File Structure in Galley

Most existing multiprocessor file systems are based on the conventional Unix-like file-system interface in which a file is seen as an addressable, linear sequence of bytes. The file system typically declusters files (ie, scatters the blocks of each file across multiple disks), allowing parallel access to the file. This parallel access reduces the effect of the bottleneck imposed by the relatively slow disk speed. Although the file is actually scattered across many disks, the underlying parallel structure of the file is hidden from the application.
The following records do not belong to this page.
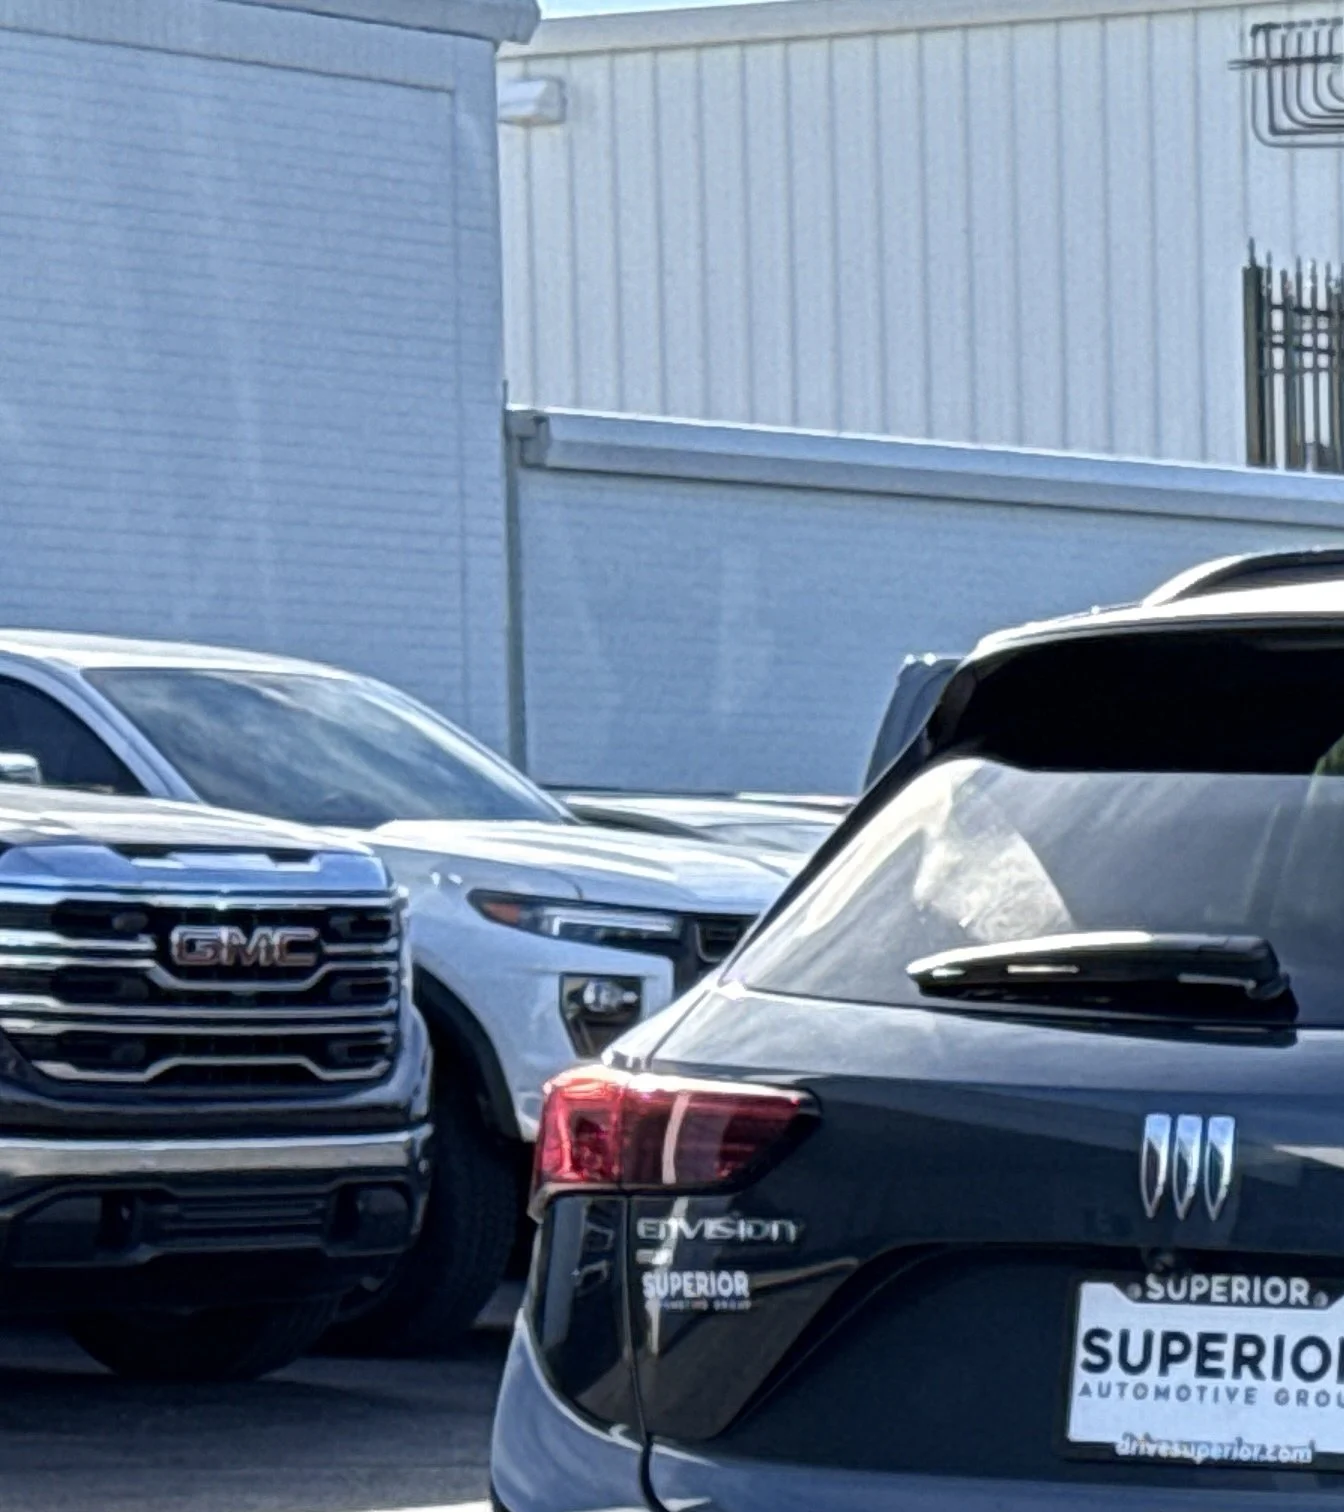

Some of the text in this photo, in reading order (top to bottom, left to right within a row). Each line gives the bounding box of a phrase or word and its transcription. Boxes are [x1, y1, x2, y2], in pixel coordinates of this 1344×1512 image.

[169, 925, 319, 967] GMC
[642, 1270, 750, 1298] SUPERIOR
[1145, 1274, 1311, 1306] SUPERIOR
[1078, 1381, 1259, 1406] AUTOMOTIVE
[1114, 1431, 1315, 1465] drivesuperior.com
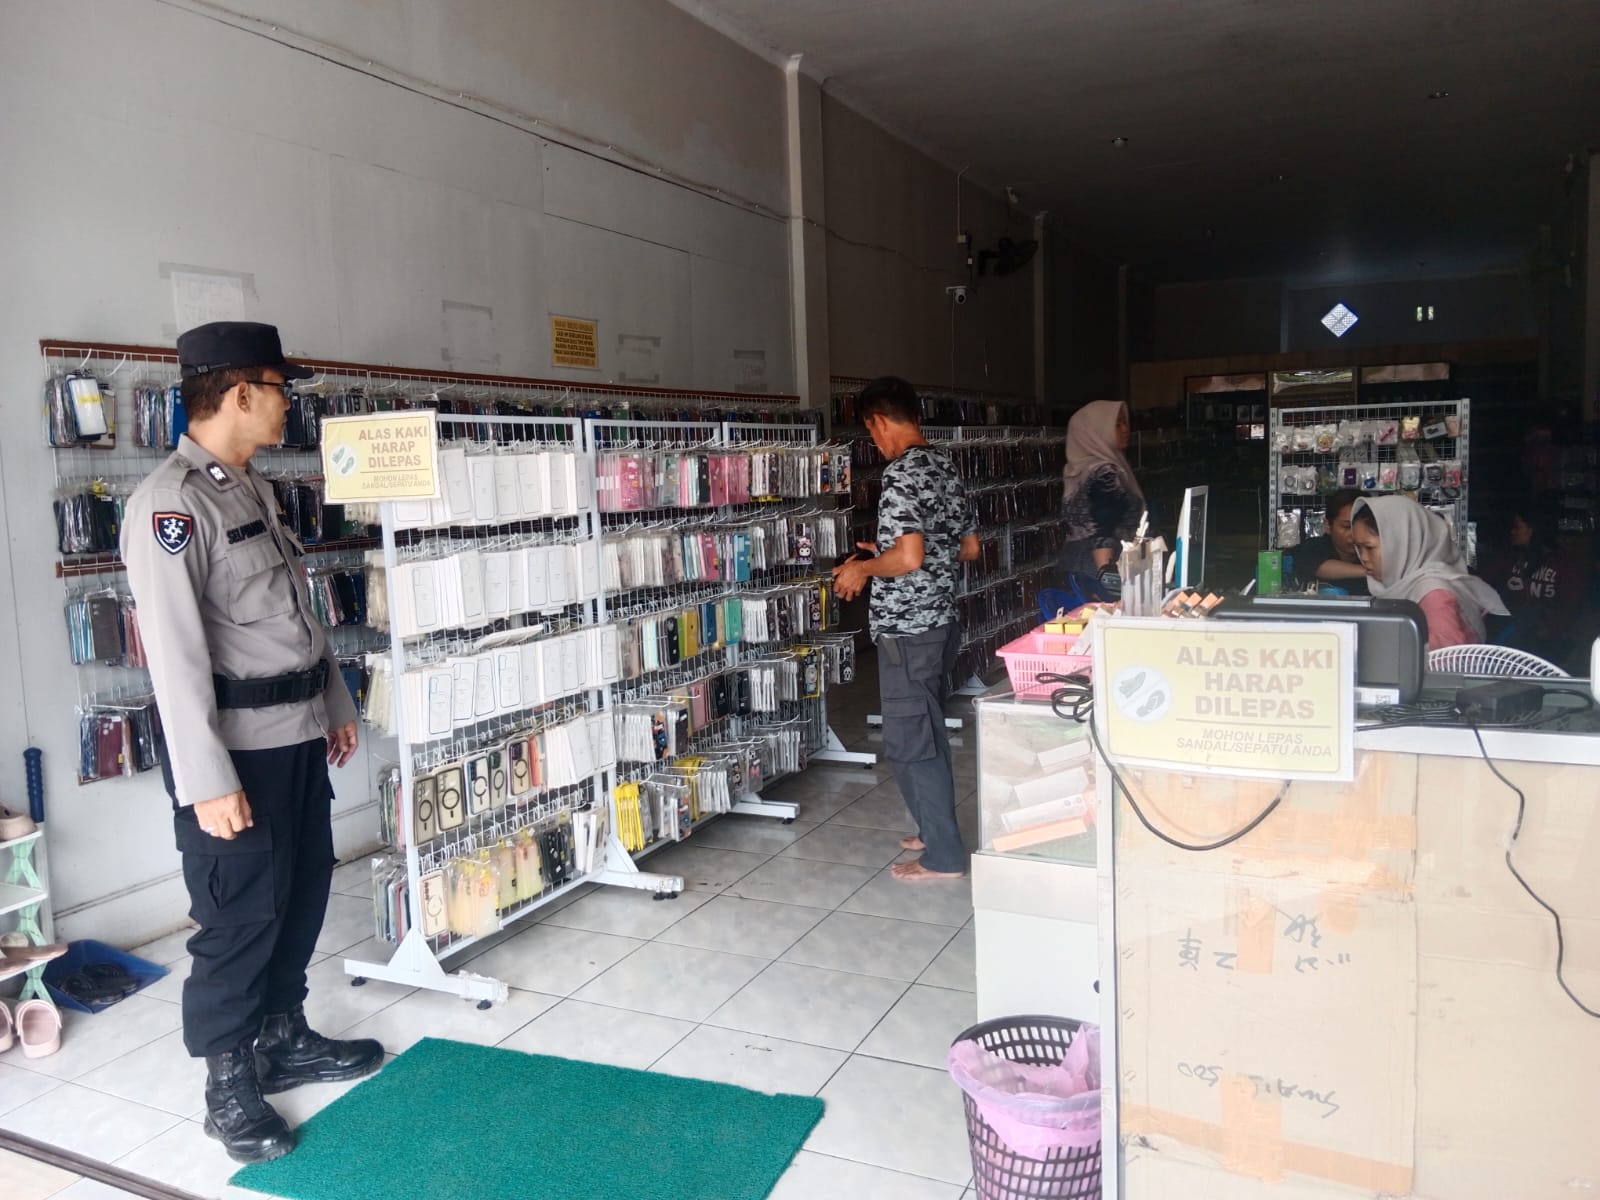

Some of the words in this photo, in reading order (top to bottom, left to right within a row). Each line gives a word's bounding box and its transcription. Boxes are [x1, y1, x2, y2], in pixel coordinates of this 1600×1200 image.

[358, 428, 391, 441] ALAS
[395, 425, 428, 439] KAKI
[371, 441, 416, 454] HARAP
[368, 455, 421, 468] DILEPAS
[1176, 646, 1249, 667] ALAS
[1259, 649, 1333, 669] KAKI
[1204, 672, 1304, 694] HARAP
[1194, 696, 1315, 719] DILEPAS
[1202, 728, 1256, 742] MOHON
[1258, 732, 1304, 745] LEPAS
[1176, 737, 1289, 755] SANDAL/SEPATU
[1291, 745, 1333, 757] ANDA
Galley uses a more complex file model that should lead to greater flexibility and performance.

Subfiles

The linear model can give good performance when the request size generated by the application is larger than the declustering unit size, as multiple disks are being used in parallel. However, while the declustering unit size is frequently measured in kilobytes (eg, 4KB in Intel's CFS), our workload characterization studies show that the typical request size in a parallel application is much smaller: frequently under 200 bytes. This disparity means that most of the individual requests generated by parallel applications are not being executed in parallel. In the worst case, the compute processors in a parallel application may issue their requests in such a way that all of an application's processes may first attempt to access disk 0 simultaneously, then all attempt to access disk 1 simultaneously, and so on.
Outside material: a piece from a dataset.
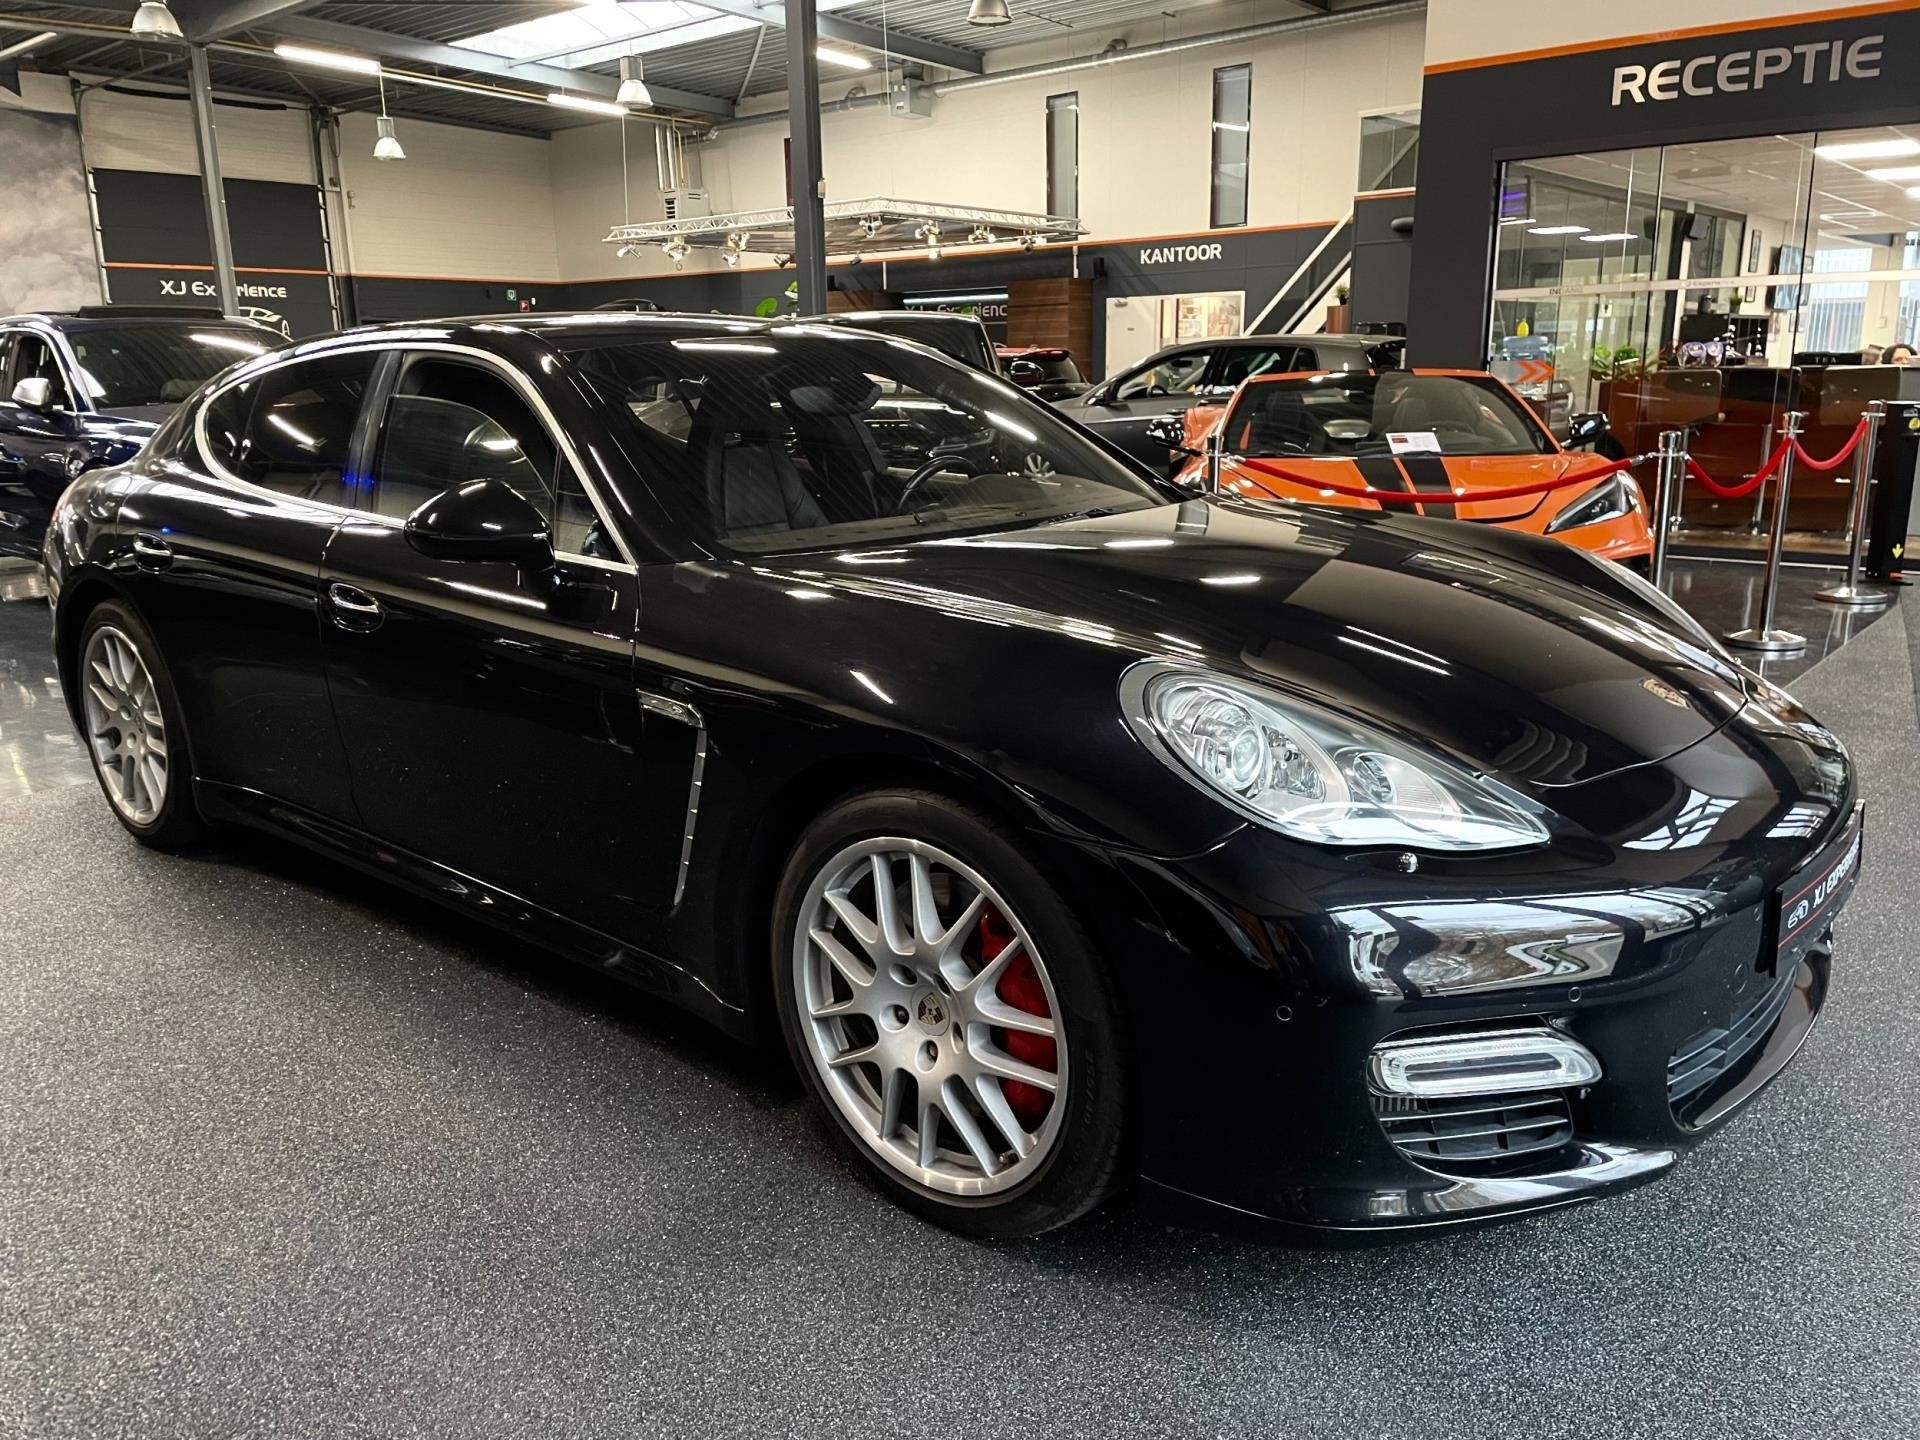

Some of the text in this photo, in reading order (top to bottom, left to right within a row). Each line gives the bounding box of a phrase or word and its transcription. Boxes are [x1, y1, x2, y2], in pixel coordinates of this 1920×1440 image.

[1611, 34, 1884, 106] RECEPTIE
[1140, 243, 1223, 265] KANTOOR
[160, 280, 288, 298] XJ Exrience
[1812, 880, 1826, 909] XJ
Another problem with the linear file model is that a dataset may have a natural, parallel mapping onto multiple disks that is not easily captured by the standard cyclic block-declustering schemes. An example of this sort of dataset may be seen in the Flexible Image Transport System (FITS) data format, which is used for astronomical data. A FITS file is organized as a series of records, each of which is the same size and contains a key (which may be composed of multiple fields) and one or more data elements. While there is a fairly straightforward mapping of a FITS dataset onto a linear file (simply listing the records), it is not clear in what order the records should be listed. Furthermore, it is not clear that blindly striping this list across multiple disks is the optimal approach in a parallel file system. Rather, one could distribute the data across the disks using the keys and knowledge about how the dataset will be used to determine a partitioning scheme that results in highly parallel access.

To address these problems, Galley does not automatically decluster an application's data. Instead, Galley provides applications with the ability to fully control this declustering according to their own needs. This control is particularly important when implementing I/O-optimal algorithms. Applications are also able to explicitly indicate which IOP they wish to access in each request. To allow this behavior, files are composed of one or more subfiles, each of which resides entirely on a single IOP, and which may be directly addressed by the application. This structure gives applications the ability both to control how the data is distributed across the IOPs, and to control the degree of parallelism exercised on every subsequent access.

Forks

Each subfile in Galley is structured as a collection of one or more independent forks. Each fork is a named, linear, addressable sequence of bytes, similar to a traditional Unix file. While the number of subfiles in a file is fixed at file-creation time, the number of forks in a subfile is not fixed; libraries and applications may add forks to, or remove forks from, a subfile at any time. The final, three-dimensional file structure is shown below. Note that there is no requirement that all subfiles have the same number of forks, or that all forks have the same size.

The use of forks allows further application-defined structuring. For example, if an application represents a physical space with two matrices, one containing temperatures and other pressures, the matrices could be stored in the same file (perhaps declustered across multiple subfiles) but in different forks. In this way, related information is stored logically together but is available independently. As a result, an application (e.g., a visualization tool) that is only interested in one of the two pieces of data, can access the relevant data easily and efficiently.

In addition to data in the traditional sense, the availability of multiple forks also allows an application to store persistent, application-defined meta-data independently of the data proper. One example of a library that would be able to make use of multiple forks for metadata is a compression library similar to that described in a file 'compression.ps' once found at http://bunny.cs.uiuc.edu/CADR/pubs/. The library could store compressed data chunks in one fork and directory information in another.

Another potential use for forks can be seen in Stream*, a parallel file abstraction for the data-parallel language, C*. Briefly, Stream* divides a file into three distinct segments, each of which corresponds to a particular set of access semantics. While the current implementation of Stream* stores all the segments in a single file, one could use a different fork for each segment. In addition to the raw data, Stream* maintains several kinds of metadata, which are currently stored in three different files: .meta, .first , and .dir . In a Galley-based implementation of Stream*, it would be natural to store this metadata in separate forks rather than separate files.

Finally, a fork could also be used to store the code (Python, Java, standard object code, etc.) necessary to access the data stored in the other forks. This code could be linked with a user's application at runtime, or possibly loaded and run on the I/O node (see our white paper in ACM Operating Systems Review).


Nils A. Nieuwejaar. Last modified Friday, May 30, 1996.